Activity
Could you transcribe every record below exactly as written, leaving out any pictures?
--- START ---
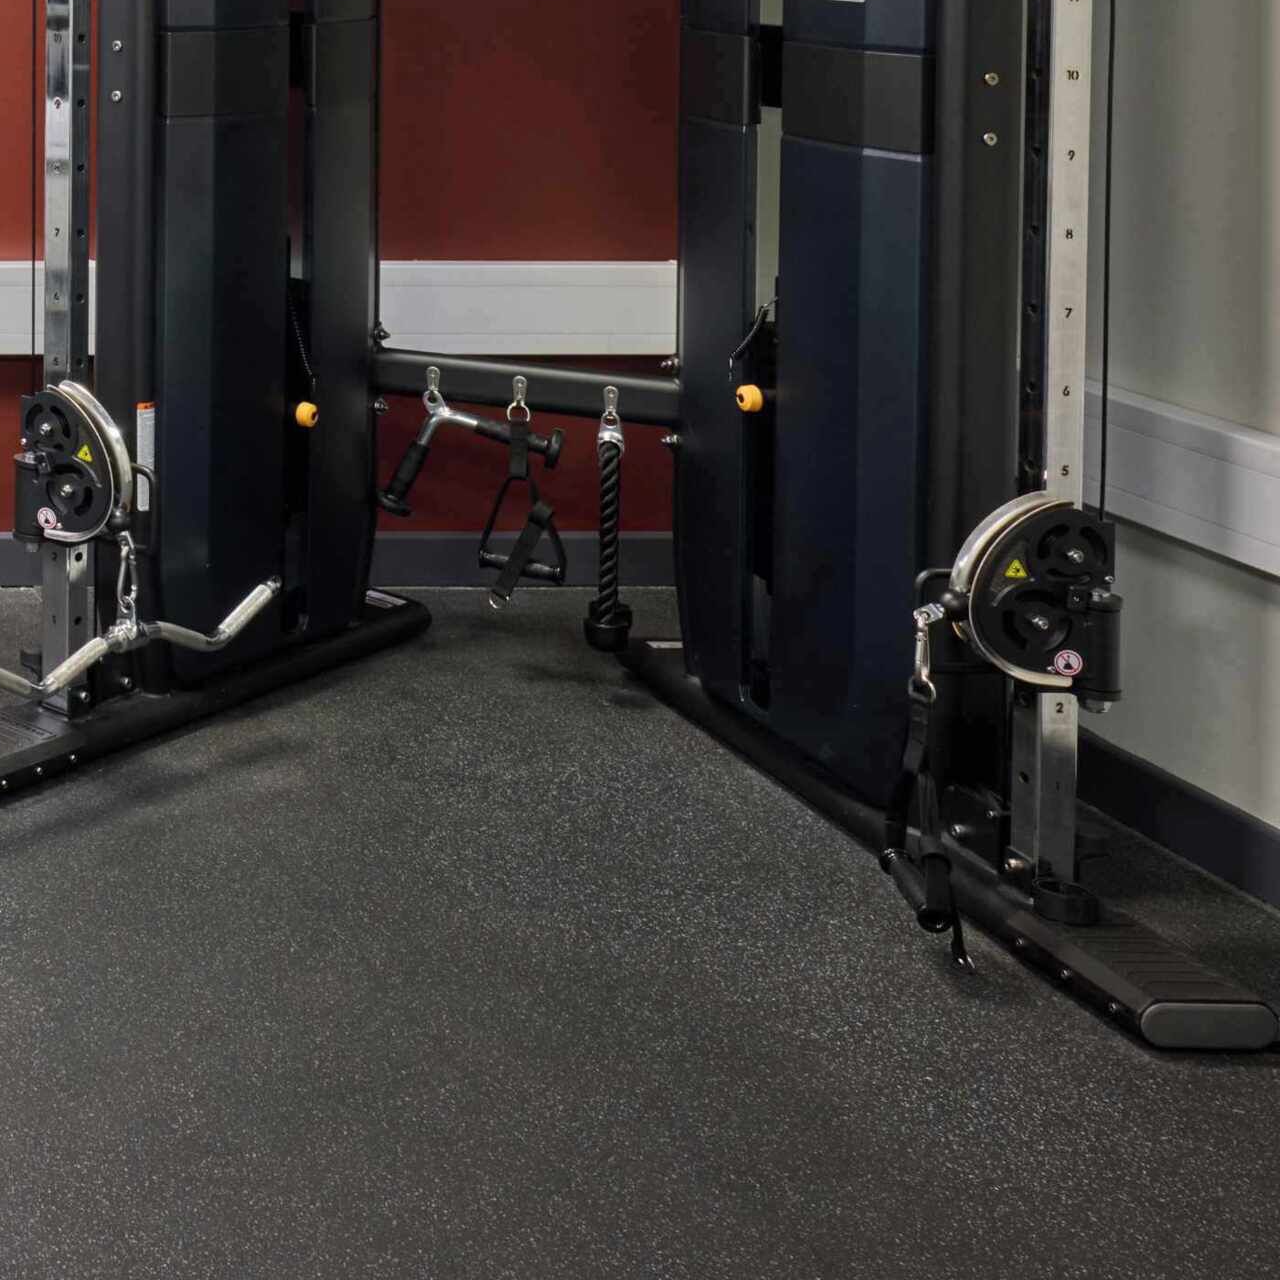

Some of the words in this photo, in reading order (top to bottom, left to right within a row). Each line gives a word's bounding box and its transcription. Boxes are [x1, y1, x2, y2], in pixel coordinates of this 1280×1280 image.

[1067, 70, 1080, 81] 10
[1067, 150, 1075, 161] 9
[54, 228, 60, 237] 7
[1065, 229, 1073, 239] 8
[1064, 307, 1073, 318] 7
[1062, 385, 1071, 396] 6
[1061, 465, 1069, 476] 5
[1055, 703, 1064, 713] 2
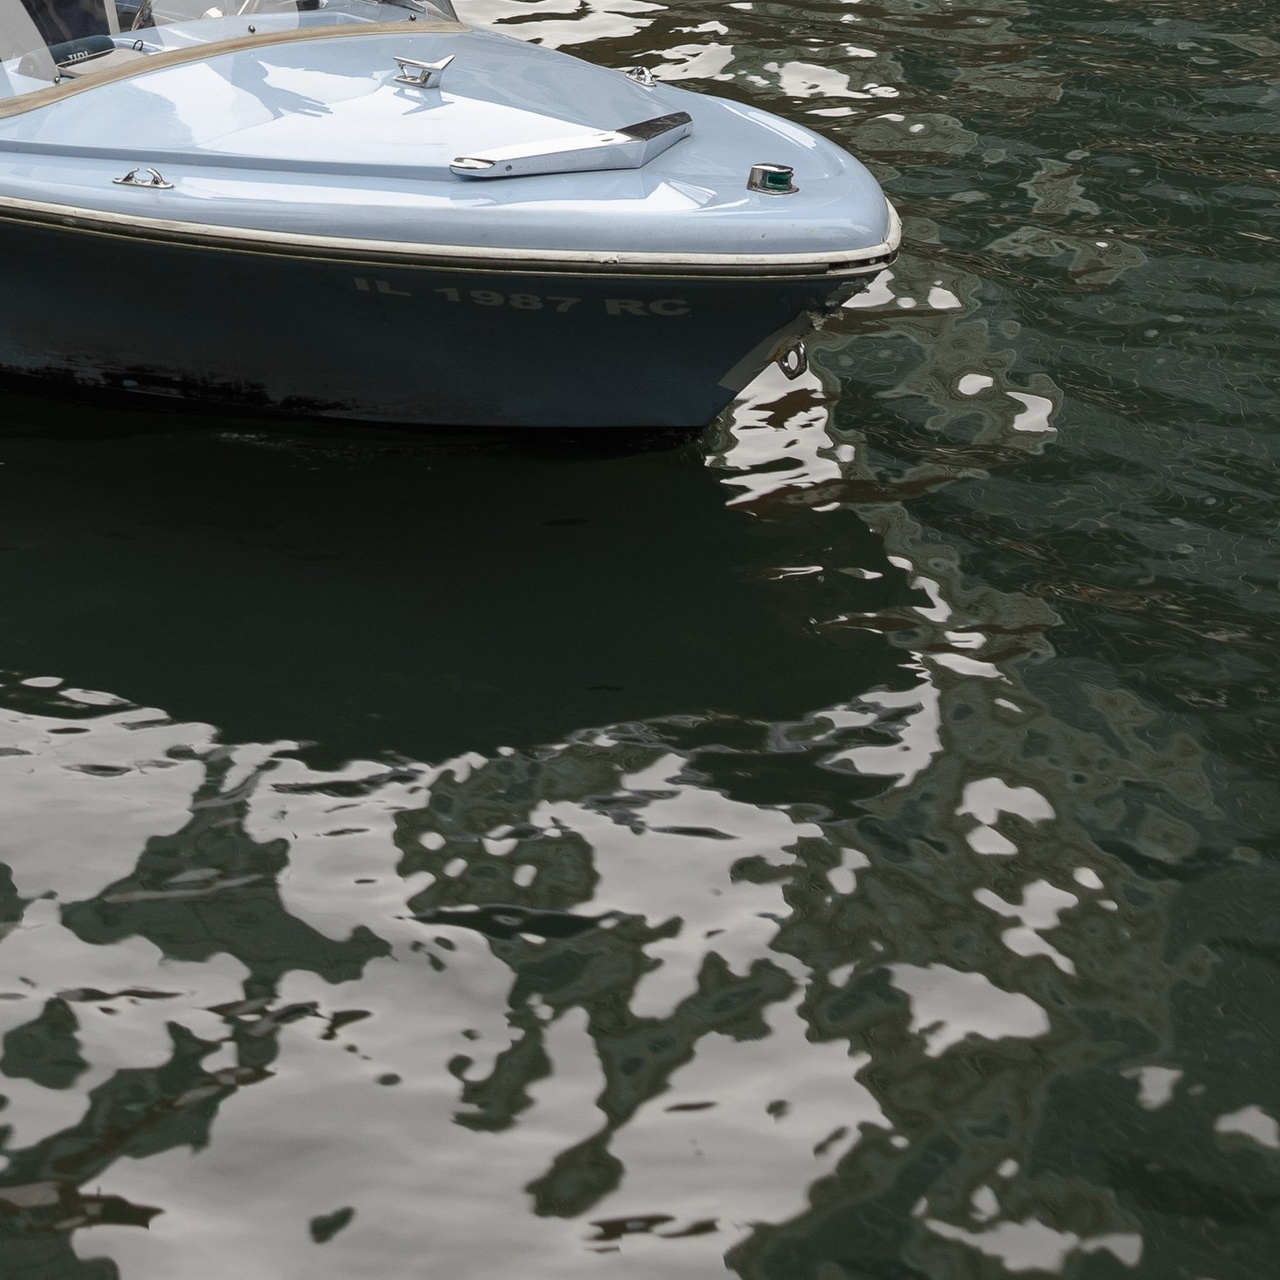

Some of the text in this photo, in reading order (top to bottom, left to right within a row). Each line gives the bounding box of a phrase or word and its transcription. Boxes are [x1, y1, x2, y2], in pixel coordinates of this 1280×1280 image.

[353, 276, 691, 316] IL 1987 RC
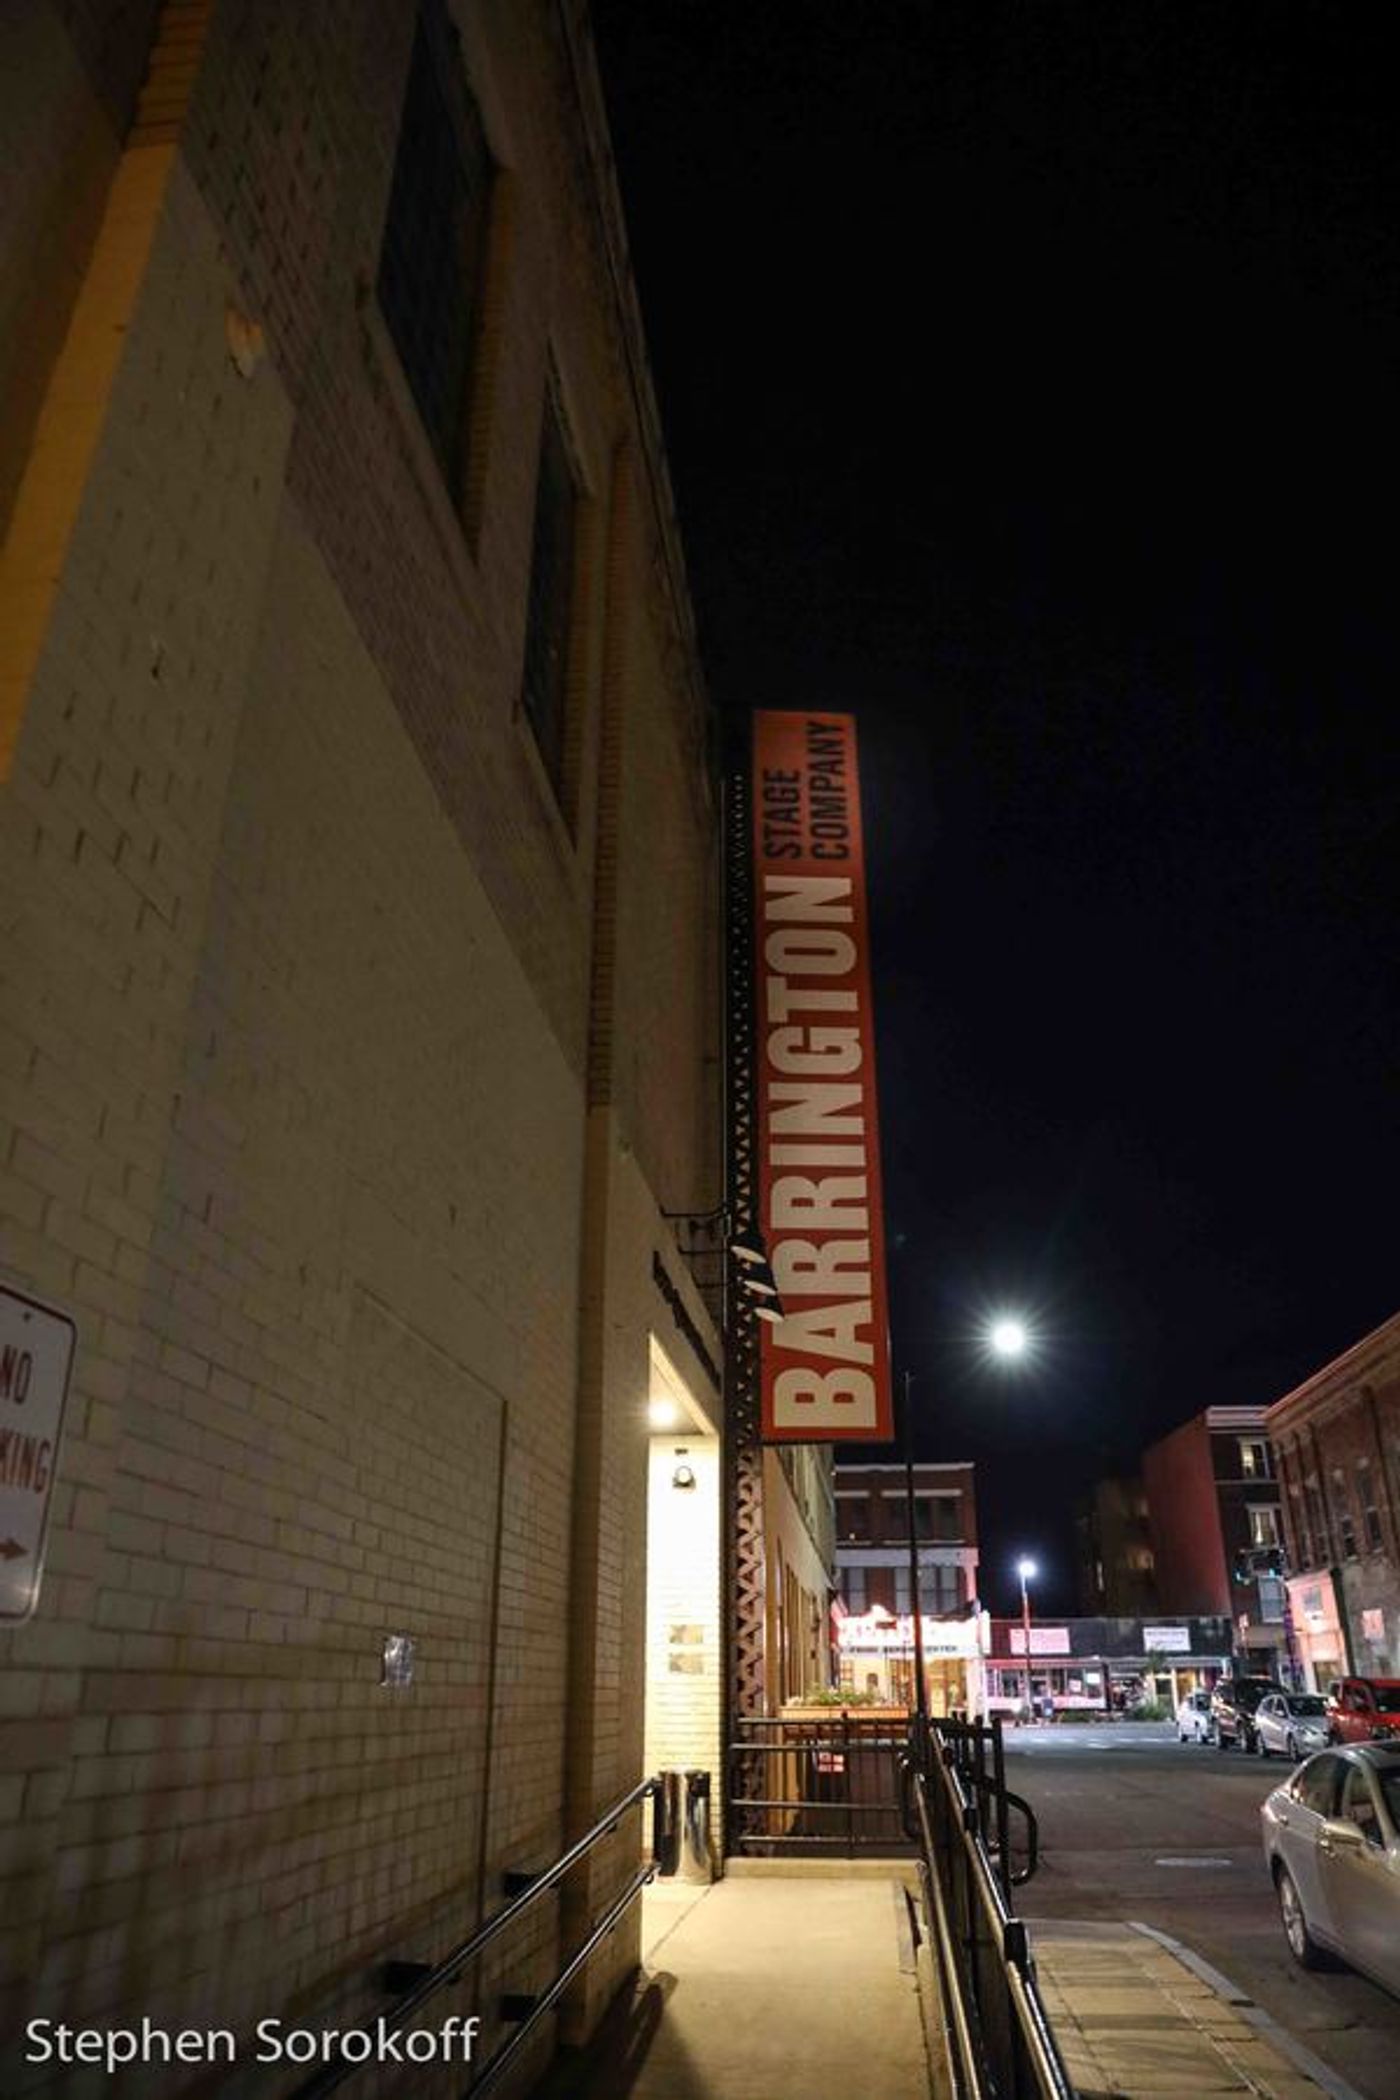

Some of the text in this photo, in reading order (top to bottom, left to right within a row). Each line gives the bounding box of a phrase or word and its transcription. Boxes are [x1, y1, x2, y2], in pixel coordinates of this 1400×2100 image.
--- END ---
Written solution
Some of the words in this photo, in reading order (top to bottom, left to right within a row). Each line gives a word's bounding box and its transcription. Boxes are [x1, y1, x2, y2], in pixel coordinates of this 1280×1280 image.

[1067, 70, 1080, 81] 10
[1067, 150, 1075, 161] 9
[54, 228, 60, 237] 7
[1065, 229, 1073, 239] 8
[1064, 307, 1073, 318] 7
[1062, 385, 1071, 396] 6
[1061, 465, 1069, 476] 5
[1055, 703, 1064, 713] 2

Some of the text in this photo, in reading order (top to bottom, left to right within a row). Each line gives the bounding box of a phrase or word and its transcription. Boxes are [x1, y1, x2, y2], in pixel coordinates of this 1280×1280 image.

[353, 276, 691, 316] IL 1987 RC

Some of the text in this photo, in reading order (top to bottom, left to right within a row). Each line gives the bounding box of a phrase or word and its transcription. Boxes are [x1, y1, x2, y2], in pixel coordinates of this 1400×2100 image.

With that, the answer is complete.